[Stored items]
++++++++++++++++++++

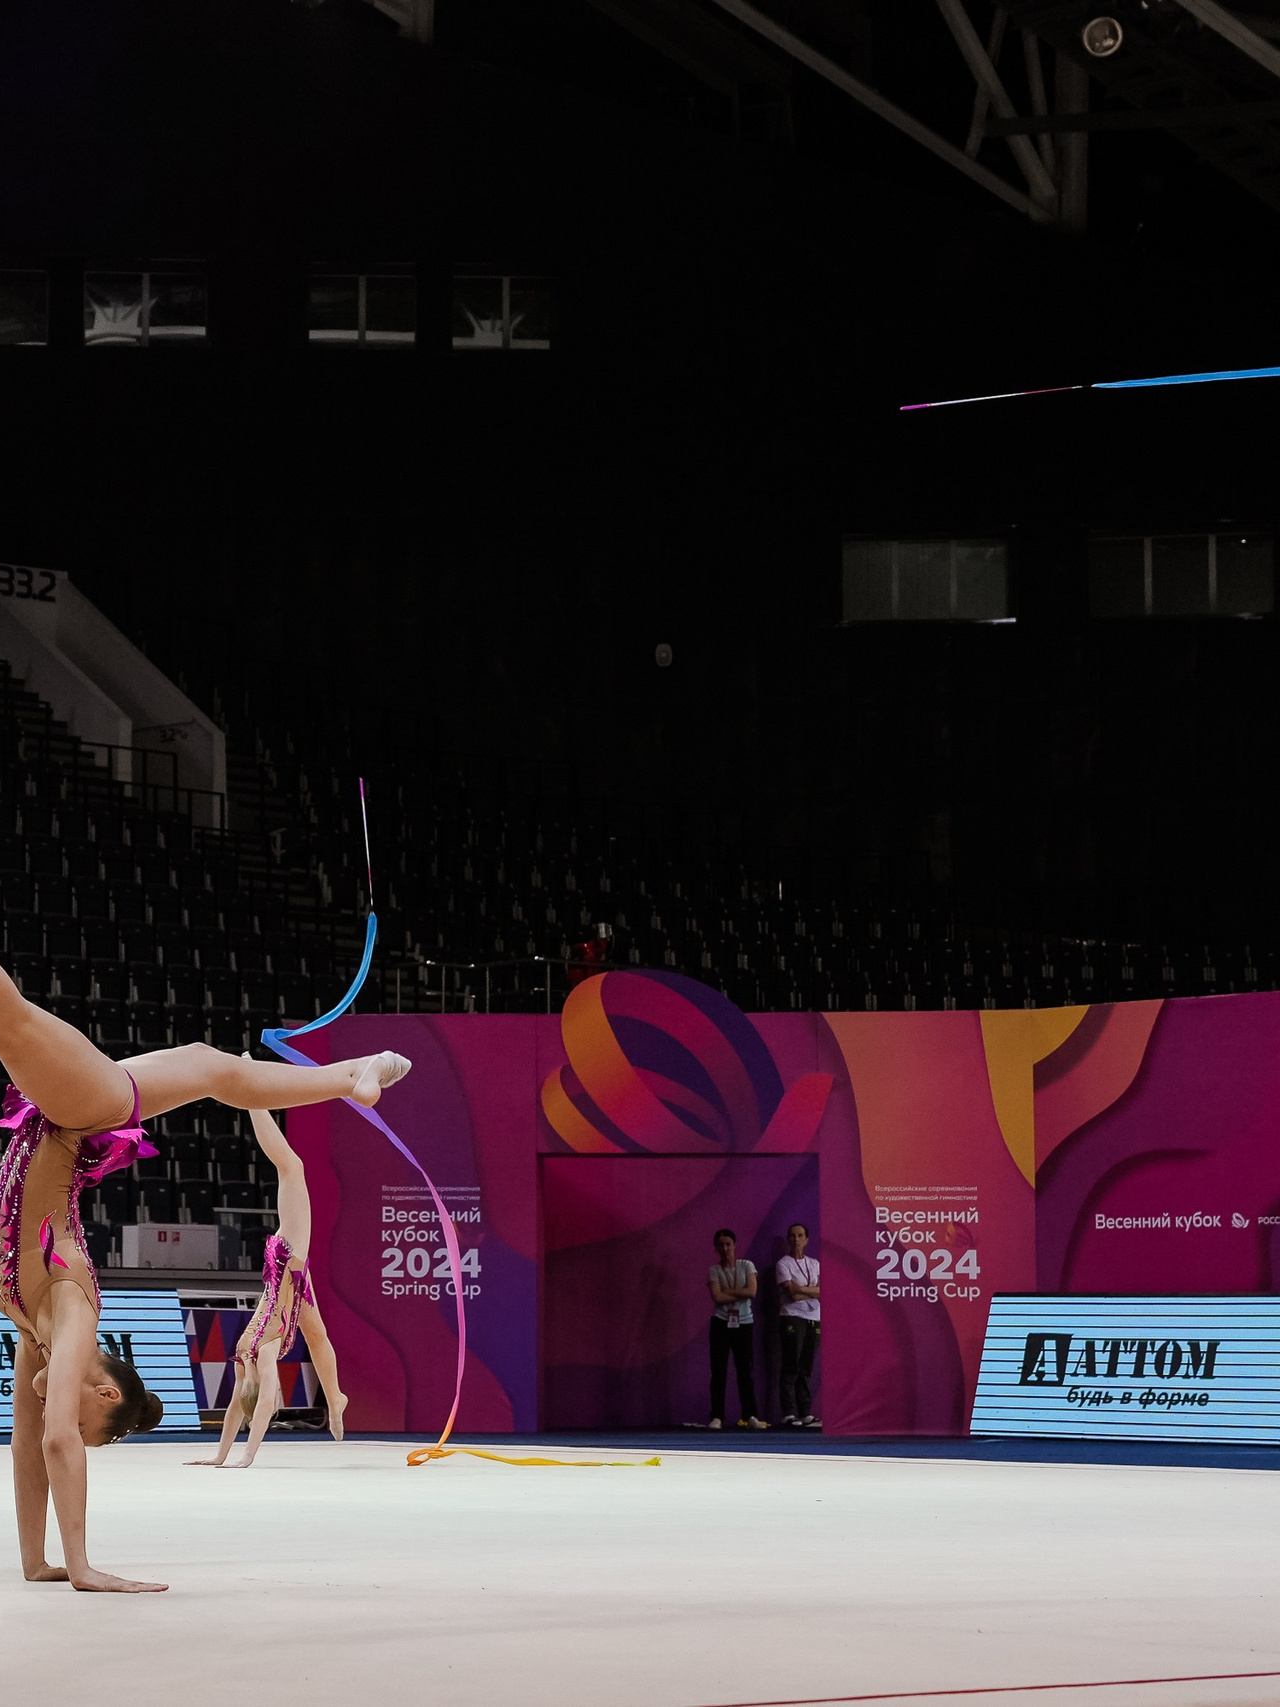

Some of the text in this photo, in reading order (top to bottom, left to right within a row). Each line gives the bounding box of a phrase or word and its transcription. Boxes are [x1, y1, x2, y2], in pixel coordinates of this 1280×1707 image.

[875, 1206, 979, 1224] Весенний
[1095, 1211, 1222, 1232] Весенний кубок
[381, 1225, 440, 1247] кубок
[875, 1226, 937, 1248] кубок
[381, 1247, 482, 1279] 2024
[876, 1248, 981, 1280] 2024
[381, 1280, 441, 1301] Spring
[877, 1282, 981, 1303] Spring Cup
[1066, 1386, 1210, 1410] будь в форме

++++++++++++++++++++

About this task: Images must not appear; print each record precisely as it reads.

Answer to the problem:
Some of the text in this photo, in reading order (top to bottom, left to right within a row). Each line gives the bounding box of a phrase or word and its transcription. Boxes are [x1, y1, x2, y2], in pixel coordinates of this 1280×1707 image.

[875, 1206, 979, 1224] Весенний
[1095, 1211, 1222, 1232] Весенний кубок
[381, 1225, 440, 1247] кубок
[875, 1226, 937, 1248] кубок
[381, 1247, 482, 1279] 2024
[876, 1248, 981, 1280] 2024
[381, 1280, 441, 1301] Spring
[877, 1282, 981, 1303] Spring Cup
[1066, 1386, 1210, 1410] будь в форме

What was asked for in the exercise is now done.